A Field of Dreams for Vision Research

By Jason Socrates Bardi

"But from thine eyes my knowledge I derive,
And, constant stars, in them I read such art."

——William Shakespeare, from Sonnet XIV, circa 1594

"If you build it, they will come," was the oft-repeated line from the 1989 film Field of Dreams, which told the story of a farmer who had a vision to build a baseball diamond in the middle of his cornfield.

No single line more accurately describes the work of a handful of researchers at The Scripps Research Institute (TSRI) who for the last several years have been building their own diamond dream—collaborations and multidisciplinary research projects that aim to make an impact in the field of vision research and to touch lives by finding an approach to treating ocular diseases.

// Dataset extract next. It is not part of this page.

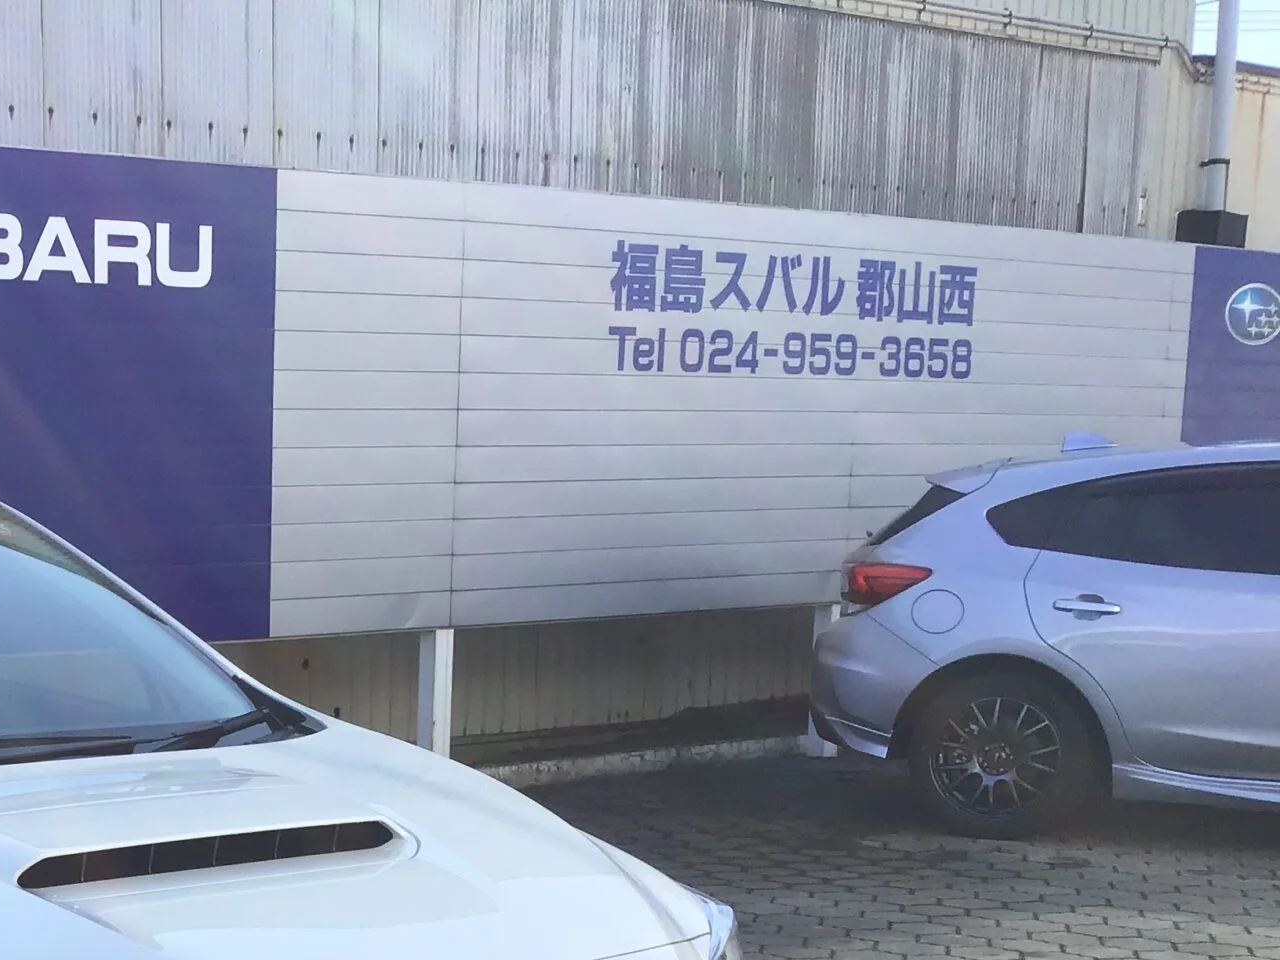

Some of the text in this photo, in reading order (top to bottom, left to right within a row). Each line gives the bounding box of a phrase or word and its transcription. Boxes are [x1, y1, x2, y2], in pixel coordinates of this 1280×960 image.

[609, 239, 978, 327] 福島スバル 郡山西
[608, 326, 973, 380] Tel 024-959-3658

And now this work is beginning to attract attention. The National Eye Institute (NEI) and the rest of the vision research world is beginning to recognize TSRI, with its team of interdisciplinary researchers, as a major center for vision and eye research—research that is critically important, since vision loss does and will continue to affect the quality-of-life in our aging society.

"Virtually every American has one of the diseases or knows somebody who has one of the diseases that could be effectively treated if we develop a drug to prevent abnormal growth and function in the eye," says Martin Friedlander, associate professor in the Department of Cell Biology and chief of the Retina Service in the Division of Ophthalmology, Department of Surgery at Scripps Clinic.

Building Upon Past Successes

The latest recognition of the vision research at TSRI is a $9.6 million NEI grant, which was recently awarded to Friedlander and several other investigators at TSRI to take basic science observation as close to the clinic as possible.

The grant, titled Fragments of TrpRS to Treat Neovascular Eye Disease, also includes TSRI investigators Paul Schimmel, who is Ernest and Jean Hahn Professor of Molecular Biology and Chemistry and a member of the Skaggs Institute for Chemical Biology; Dale L. Boger, Richard and Alice Cramer Professor of Chemistry; Professor David Cheresh and Associate Professor Glen Nemerow, both of TSRI's Department of Immunology; and Gary Siuzdak, Adjunct Associate Professor of the Department of Molecular Biology.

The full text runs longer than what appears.